WORK ORDER: Reproduce every line of the listing as written, apart from the pictures.

:: MATERIAL FOR THE TASK

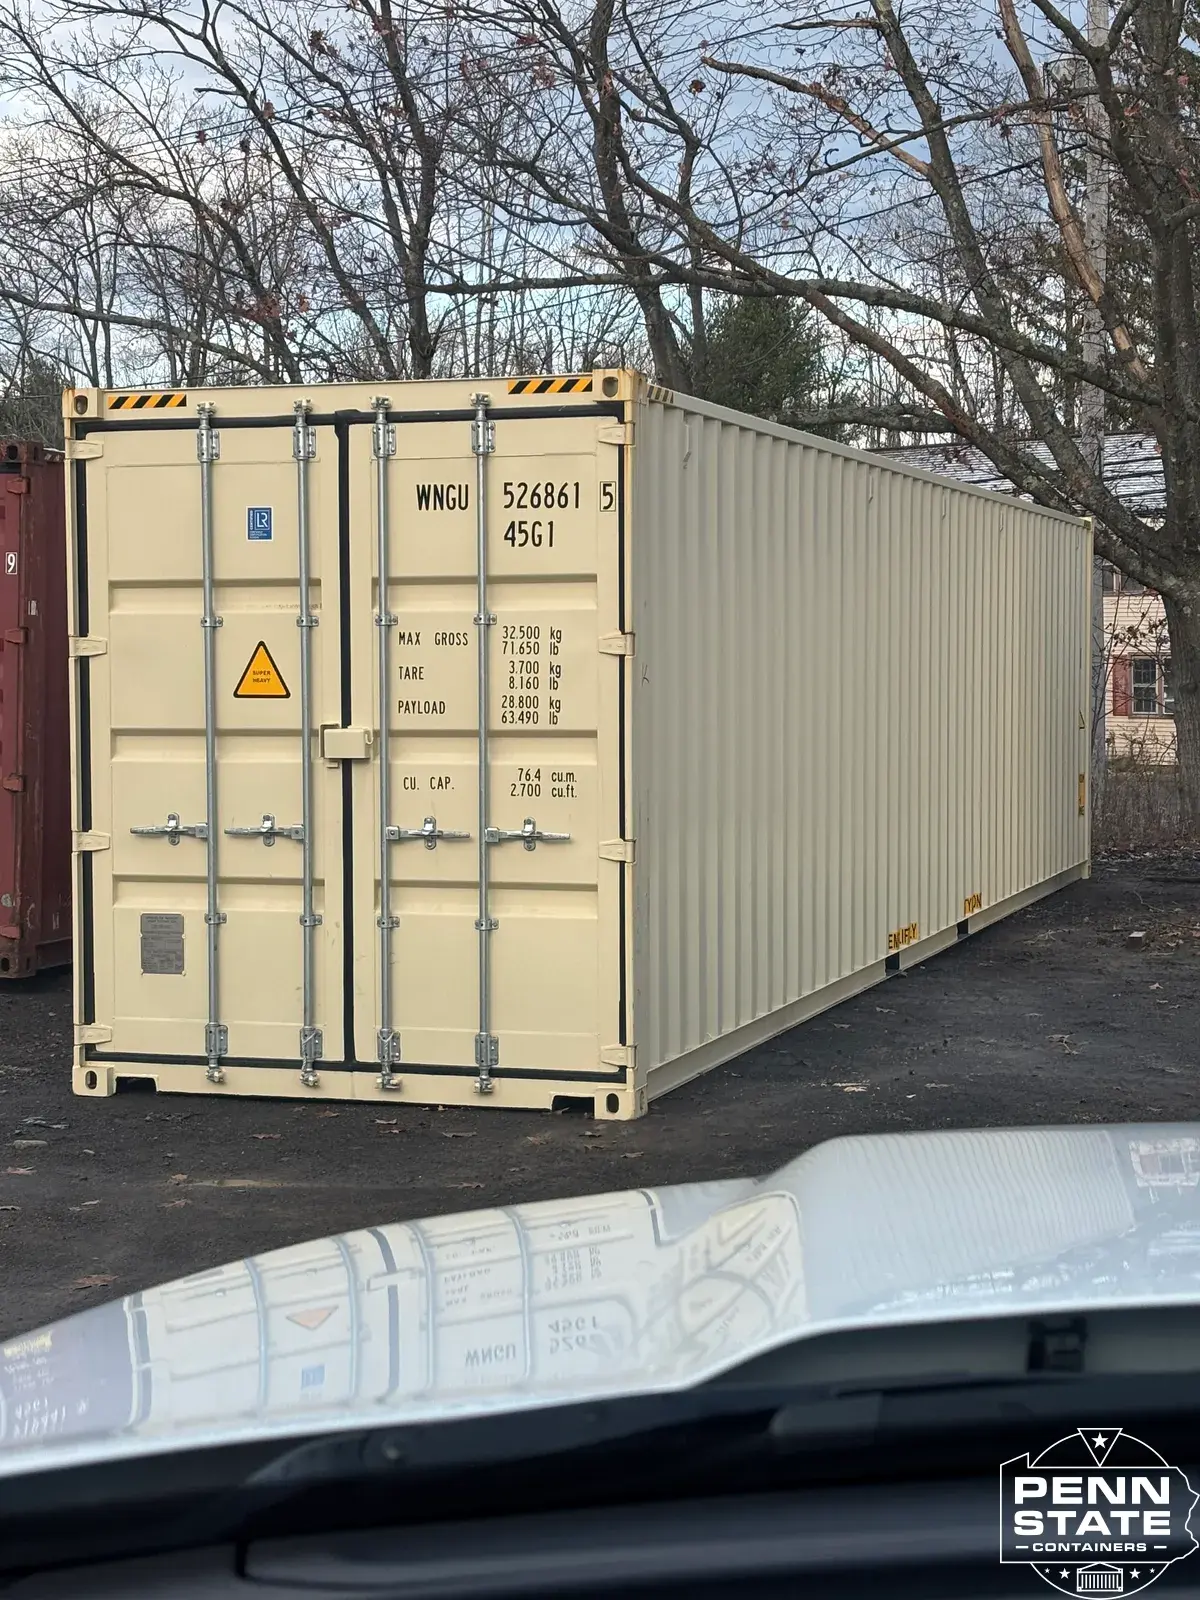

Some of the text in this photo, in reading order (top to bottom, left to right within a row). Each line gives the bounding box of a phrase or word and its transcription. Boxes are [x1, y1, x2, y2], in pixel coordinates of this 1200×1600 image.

[416, 481, 615, 512] WNGU 526861 5
[503, 520, 555, 548] 45G1
[7, 553, 16, 573] 9
[398, 631, 469, 647] MAX GROSS
[502, 625, 563, 643] 32.500 kg
[502, 641, 559, 656] 71.650 lb
[398, 666, 425, 681] TARE
[508, 660, 562, 678] 3.700 kg
[508, 676, 559, 691] 8.160 lb
[397, 700, 447, 716] PAYLOAD
[501, 695, 562, 713] 28.800 kg
[501, 710, 559, 726] 63.490 lb
[403, 776, 455, 791] CU. CAP.
[517, 768, 577, 784] 76.4 cu.m.
[510, 783, 577, 799] 2.700 cu.ft.

::::

ANSWER:
Some of the text in this photo, in reading order (top to bottom, left to right within a row). Each line gives the bounding box of a phrase or word and its transcription. Boxes are [x1, y1, x2, y2], in pixel coordinates of this 1200×1600 image.

[416, 481, 615, 512] WNGU 526861 5
[503, 520, 555, 548] 45G1
[7, 553, 16, 573] 9
[398, 631, 469, 647] MAX GROSS
[502, 625, 563, 643] 32.500 kg
[502, 641, 559, 656] 71.650 lb
[398, 666, 425, 681] TARE
[508, 660, 562, 678] 3.700 kg
[508, 676, 559, 691] 8.160 lb
[397, 700, 447, 716] PAYLOAD
[501, 695, 562, 713] 28.800 kg
[501, 710, 559, 726] 63.490 lb
[403, 776, 455, 791] CU. CAP.
[517, 768, 577, 784] 76.4 cu.m.
[510, 783, 577, 799] 2.700 cu.ft.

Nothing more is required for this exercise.